El crecimiento de la empresa deslumbraba al
mundo empresario en Estados Unidos y en alrededor de cuarenta países, operando
gasoductos en Argentina (Transportadora Gas del Sur), Bolivia, Brasil y
Colombia. En su ápice -año 2000- el holding controlaba 3.000 sociedades,
empleaba más de 20.000 personas y facturaba u$ 10.000 millones anuales. Al
asumir EC su cruda realidad en diciembre de 2001, sus acciones valían 5
centavos contra los 84 dólares de su época de esplendor apenas un año antes.
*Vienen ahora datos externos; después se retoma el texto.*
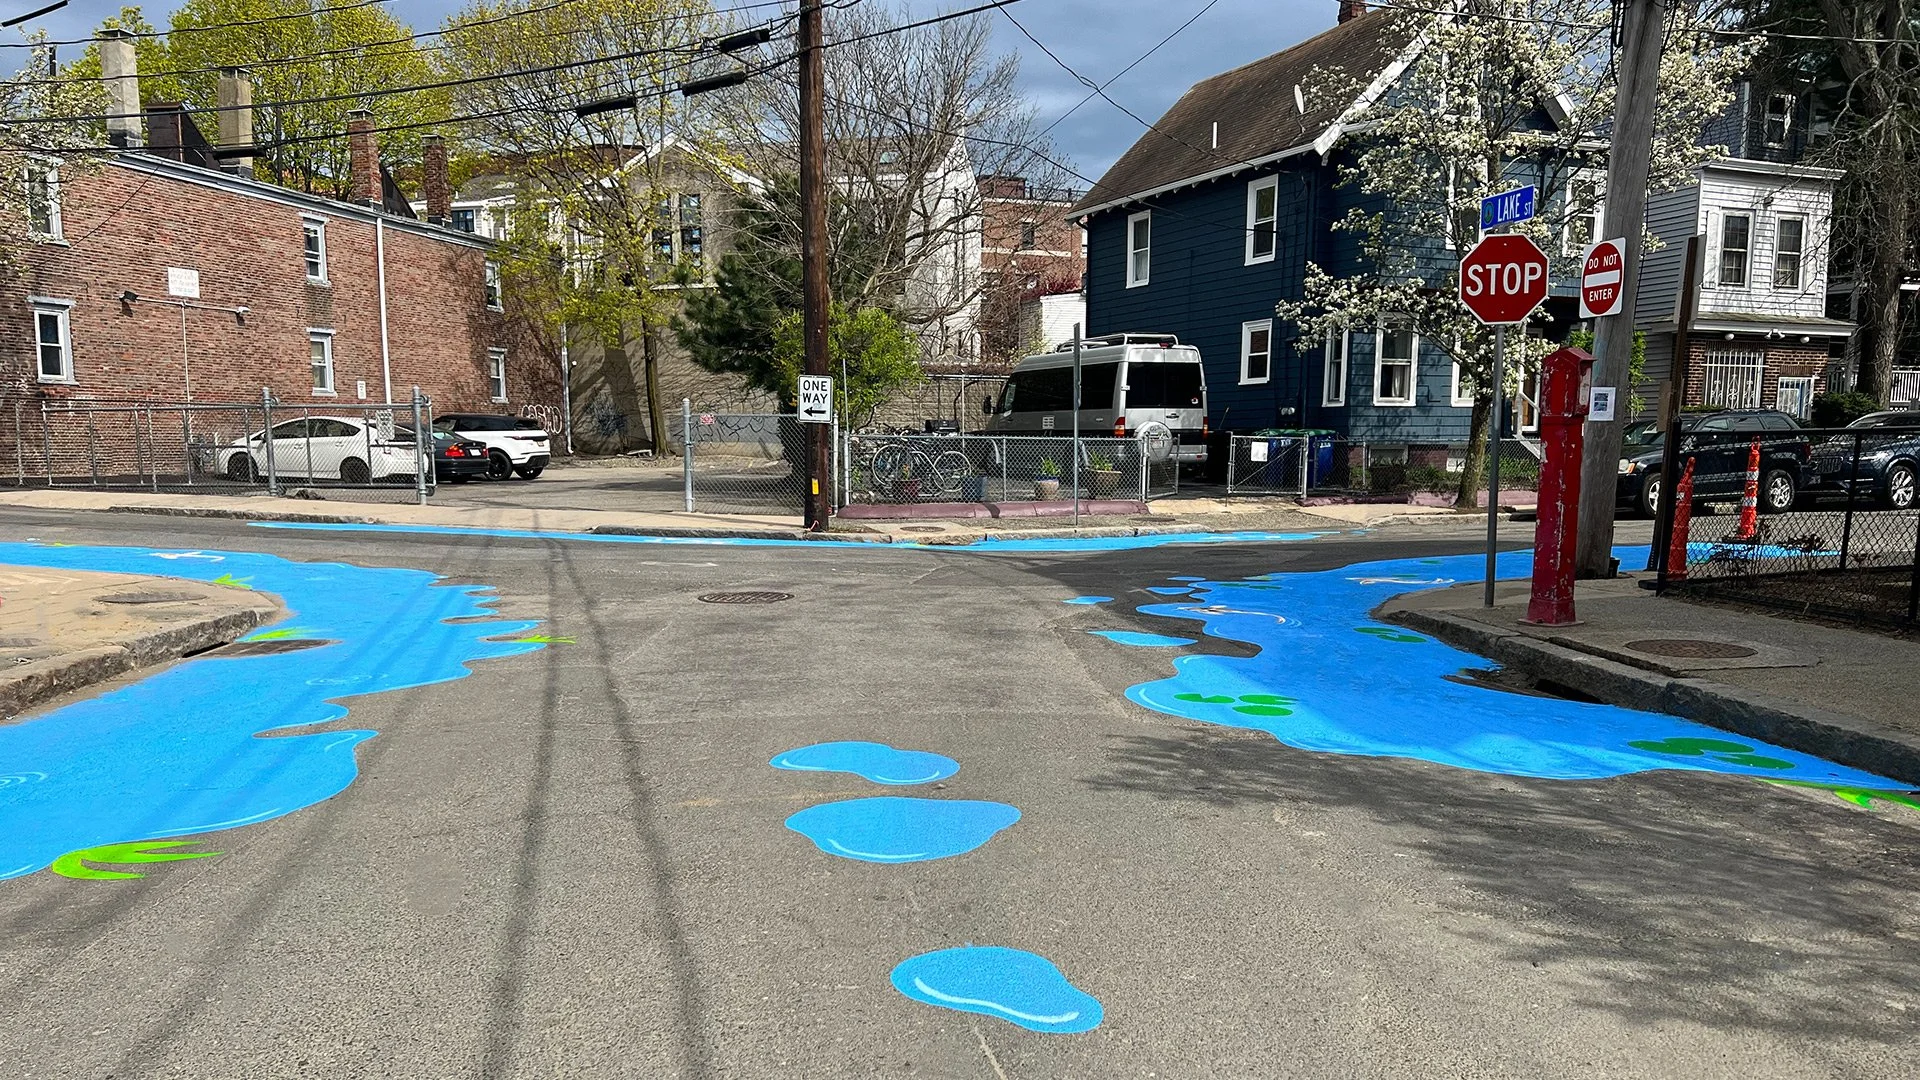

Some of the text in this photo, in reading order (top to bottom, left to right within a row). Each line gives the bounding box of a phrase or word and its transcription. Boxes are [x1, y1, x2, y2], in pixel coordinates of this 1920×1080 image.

[1498, 193, 1531, 222] LAKE ST
[1589, 253, 1618, 270] DO NOT
[1465, 262, 1542, 297] STOP
[1589, 288, 1613, 302] ENTER
[803, 380, 827, 391] ONE
[802, 393, 828, 404] WAY
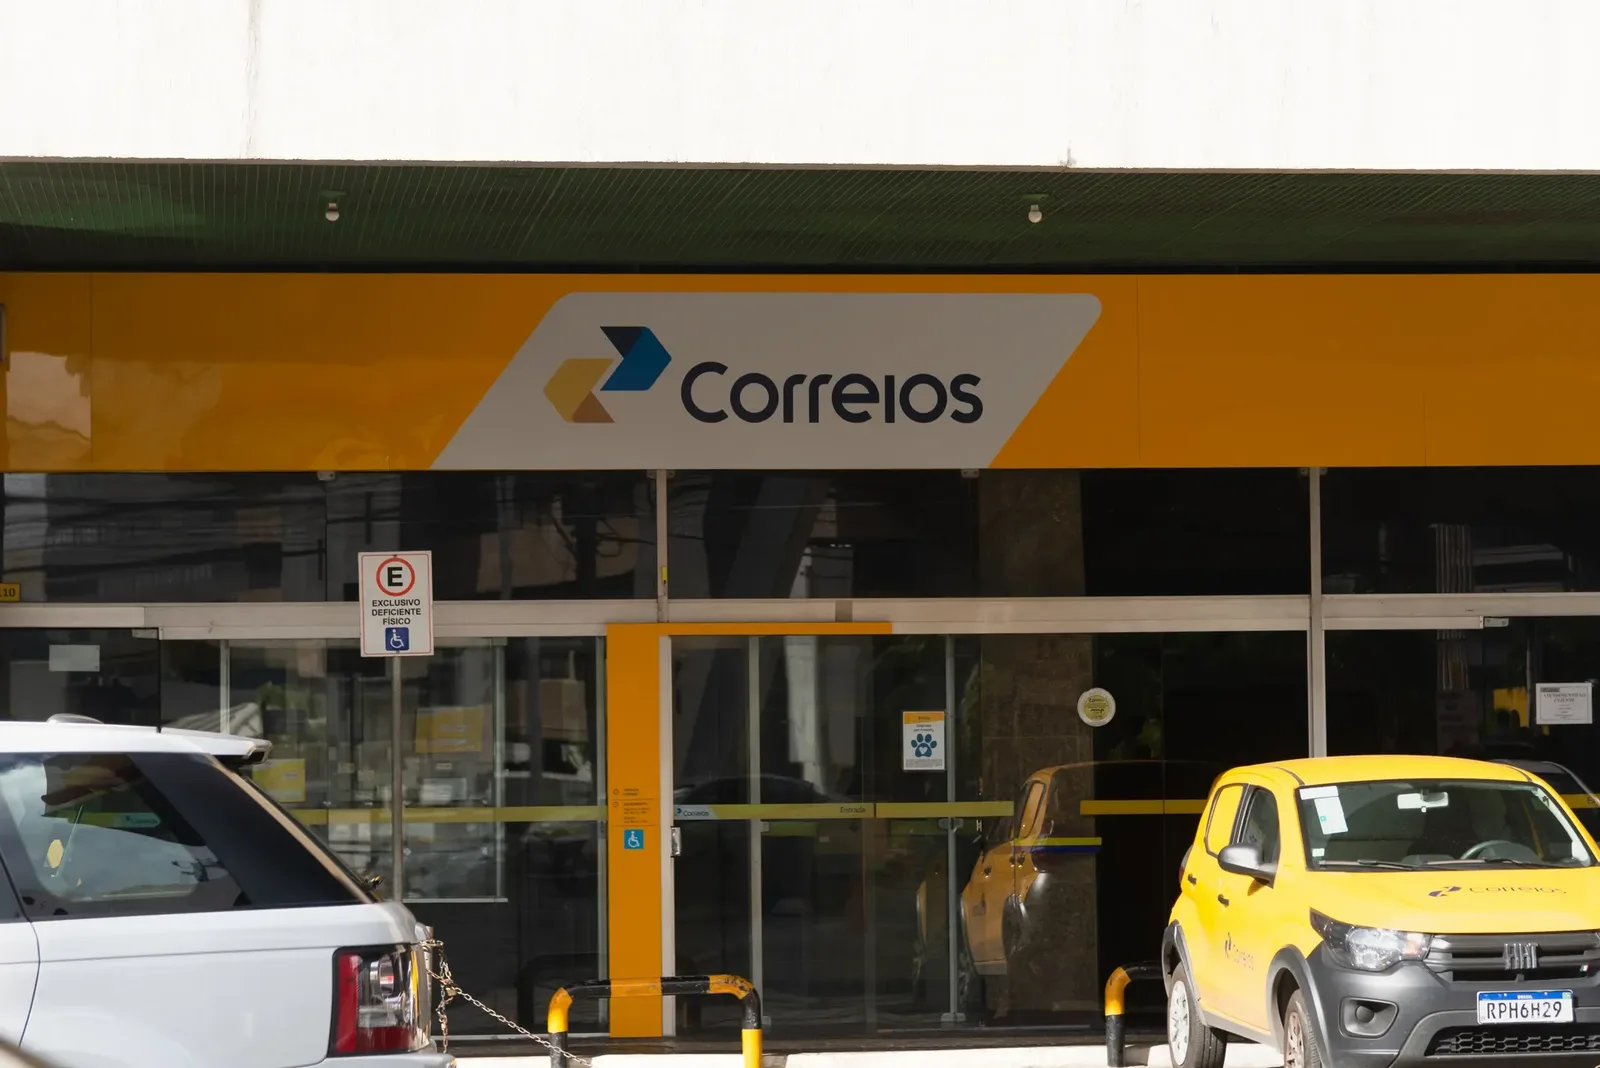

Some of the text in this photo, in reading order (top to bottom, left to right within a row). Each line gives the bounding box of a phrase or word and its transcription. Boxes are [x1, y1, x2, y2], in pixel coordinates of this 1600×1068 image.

Si bien las causas de la caída de Enron
todavía son motivo de investigación y debate en distintos niveles, una muy
importante fue el fracaso de los controles públicos. Para colmos, una de las
grandes consultoras empresarias del país y auditora de EC -Arthur Andersen
& Co.- se implicó al nivel de complicidad, enfrentando sus referentes
cargos por destrucción de documentación.
El calor político puede ser muy útil para
incubar negocios, aunque muchas veces la soberbia impide controlar la
temperatura. A pesar de la vinculación con el poder político, el nivel del
desfalco no pudo evitar los controles de la Comisión de Seguridades y Comercio
y de la Comisión Central de Mercados Bursátiles, pues en Estados Unidos la de
quiebras es legislación federal. Cuando el Departamento de Justicia comenzó la
investigación penal (manipular registros, obstruir investigaciones, defraudar
accionistas, ocultar o destruir papeles de trabajo), la farsa contable derrumbó
a la multinacional como un castillo de naipes. En enero de 2002 las acciones
fueron retiradas de la Bolsa de Nueva York y ese mismo mes el Congreso inició
otra investigación demandando a la administración de Bush (hijo), para que
entregue información sobre las vinculaciones de varias primeras espadas del
gobierno republicano con EC (la lista involucra a gente como John Ashcroft, Don
Evans, Lawrence Lindsay, Carl Rove y
Robert Zoelick).
La sentencia fue apelada pero,
mientras se abre esa instancia, Lay, Skilling y algún otro, deberán esperar en
prisión. Las sanciones penales -coinciden observadores- conllevan un claro
mensaje de y para la comunidad de negocios: en un sistema capitalista, engañar
a la confianza pública significa disparar al corazón del sistema financiero.
Capitalismo salvaje
Este tipo de escándalos son recurrentes. Casi
coincidiendo en el tiempo, sucedió un caso simétrico con otra estrella fugaz de
menor dimensión pero rutilante (u$ 64 la acción en su apogeo), la WorldCom,
cuya quiebra se decretó en julio de 2002 por un pasivo de 25.000 millones de
dólares. Al igual que la otra, los auditores eran... de Arthur Andersen &
Co., y las deficiencias contables presentaban también gastos como inversiones,
exageraban ganancias y escondían pérdidas de sociedades no controladas.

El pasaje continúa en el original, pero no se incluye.